May 11, 2010
HIV Treatment and Lifestyle Factors Influence Death Rates
Many deaths in people with HIV are now preventable—if people are able to not only control HIV, but also make lifestyle changes—according to a study published online May 6 in the journal AIDS.
A number of studies during the past couple of years have focused on how HIV raises a person’s risk for diseases not traditionally associated with HIV, and thus how it continues to increase illness and death. While this research has been critical, it should not be taken to mean that worse health outcomes are guaranteed in people living with the virus. HIV, particularly untreated infection, is associated with poorer health, but data also suggest that lifestyle factors also play a role in morbidity and mortality risk.
To determine the actual causes of death in people with HIV, researchers with the Data Collection on Adverse Events of Anti-HIV Drug (D:A:D) study group conducted an analysis on 33,308 people with HIV enrolled in the D:A:D study. Data were collected on people from 1999 through early 2008. Over the course of the study period, there were 2,482 deaths, of which 29 percent were AIDS-related, 14 percent were related to liver disease, 12 percent to cardiovascular disease (CV) and 11 percent to non-AIDS-related cancers.
The study group found that death rates continued to dramatically decline throughout the modern antiretroviral (ARV) era—they dropped by nearly 50 percent between 1999 and 2008.
“It is particularly encouraging that there was no evidence that rates of death from any specific cause were increasing over the study period, and no emerging trends in unexpected causes of deaths were identified,” the authors said.

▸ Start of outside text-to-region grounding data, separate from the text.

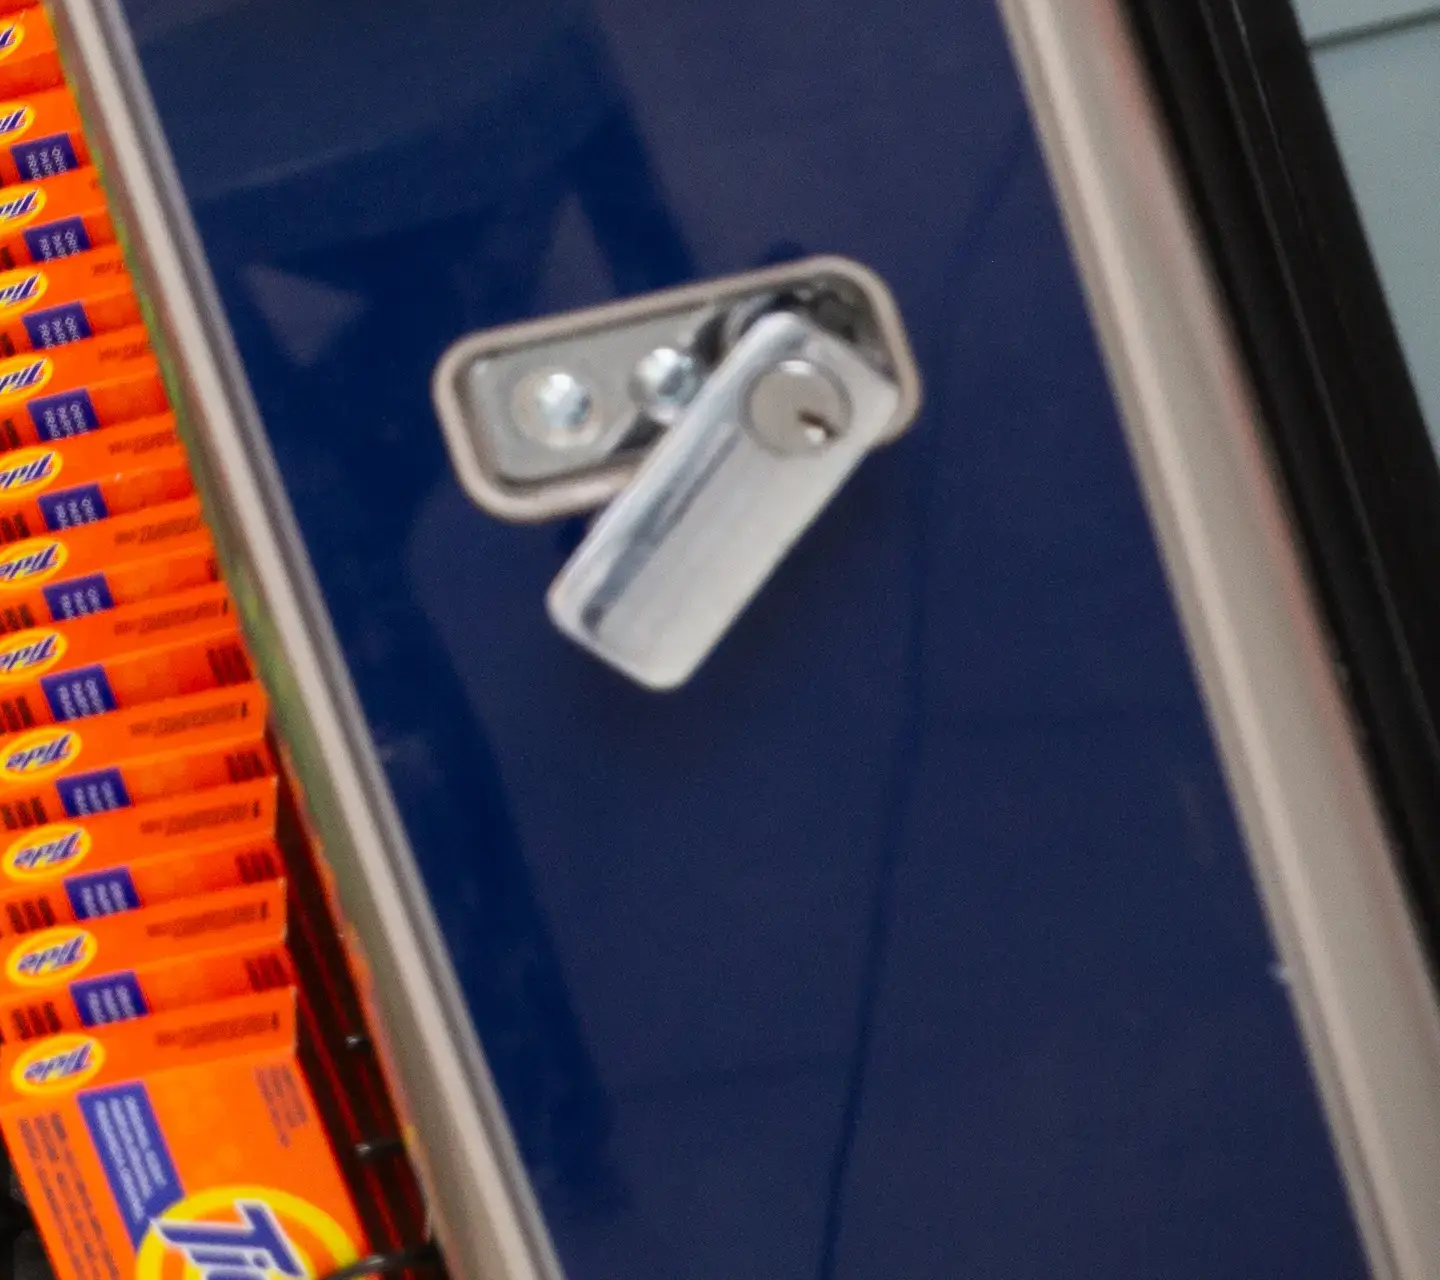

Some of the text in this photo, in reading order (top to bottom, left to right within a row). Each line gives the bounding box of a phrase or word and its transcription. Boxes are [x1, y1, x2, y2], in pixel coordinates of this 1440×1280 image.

[5, 733, 75, 771] Tide
[14, 828, 84, 866] Tide
[17, 932, 86, 973] Tide
[23, 1039, 93, 1081] Tide
[151, 1199, 304, 1280] Ti

A number of factors were associated with higher death rates, including low CD4s and high viral loads. Likewise, smoking was related to higher deaths from all causes, as were diabetes and hypertension—all correctable risk factors. People who were excessively thin or overweight were also at an increased risk of death. Not surprisingly, hepatitis C virus (HCV) and hepatitis B virus infection increased the likelihood of dying from liver disease.

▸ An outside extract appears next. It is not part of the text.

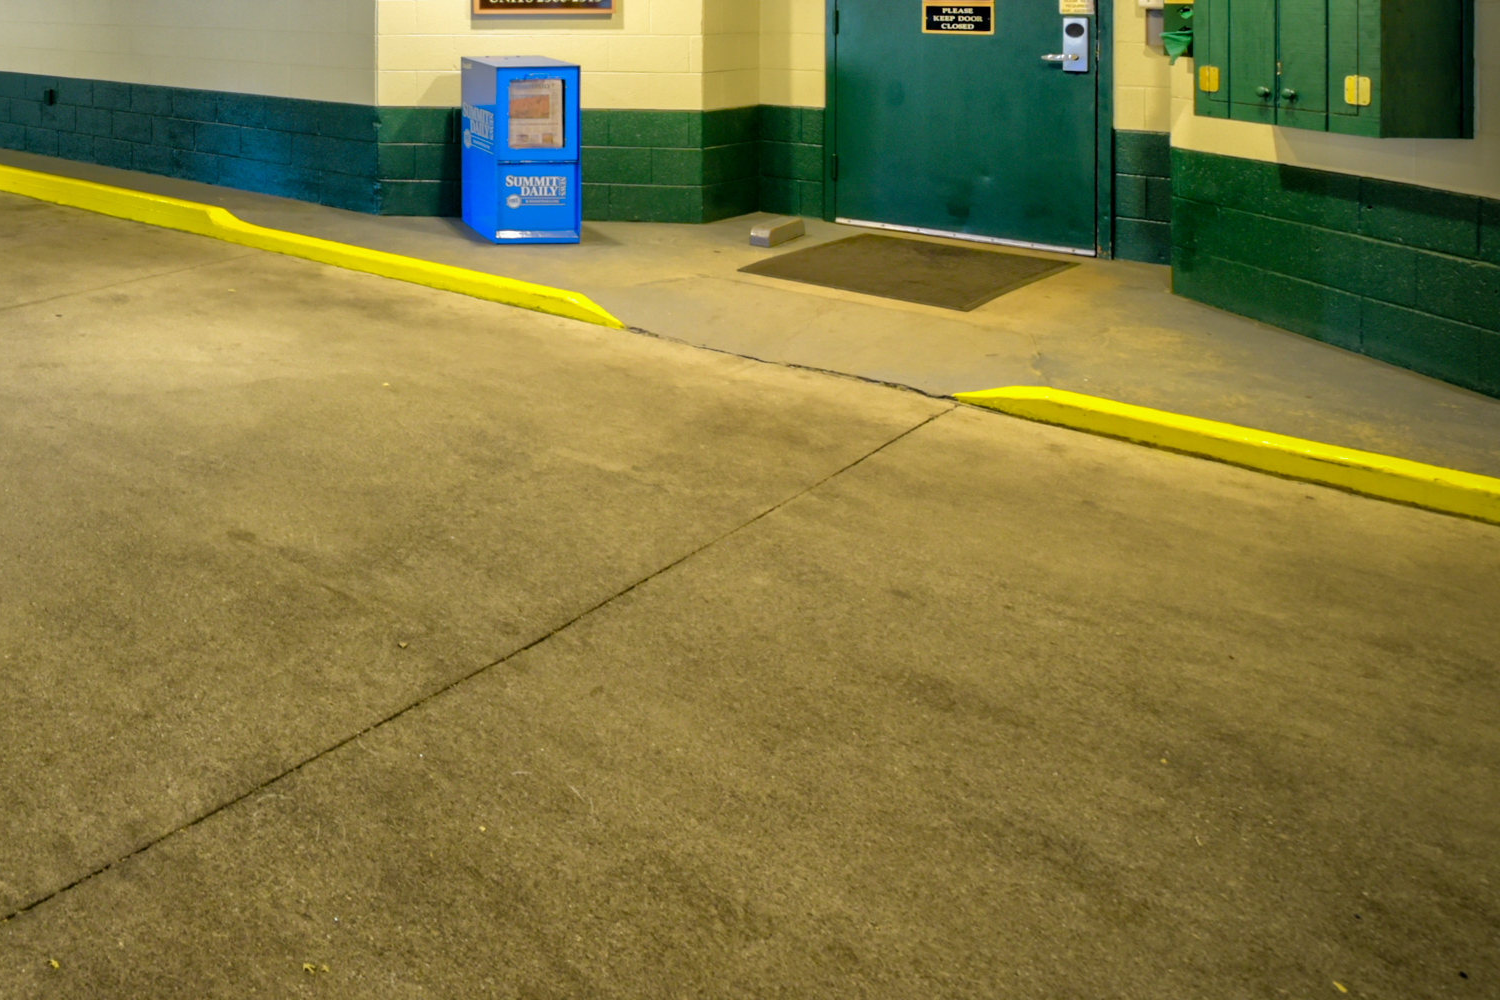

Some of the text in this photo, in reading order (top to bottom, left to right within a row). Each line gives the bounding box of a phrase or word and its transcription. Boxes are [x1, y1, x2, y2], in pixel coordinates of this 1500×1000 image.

[462, 101, 489, 124] SUMMIT
[470, 119, 490, 139] DAILY
[505, 175, 559, 187] SUMMIT
[520, 186, 558, 196] DAILY

Conversely, the percentage of deaths overall was extremely low in people with CD4 counts over 350, indicating that the preservation or return of higher CD4 counts has a protective effect against a number of causes of death. Death rates in people with low viral loads were also reduced.
In closing, the authors point to modern ARV therapy’s substantial influence on reducing deaths. They also point out the potential benefit of addressing non-HIV specific factors, concluding: “Further reductions in mortality in HIV-infected populations may only be possible if these modifiable factors are appropriately addressed.”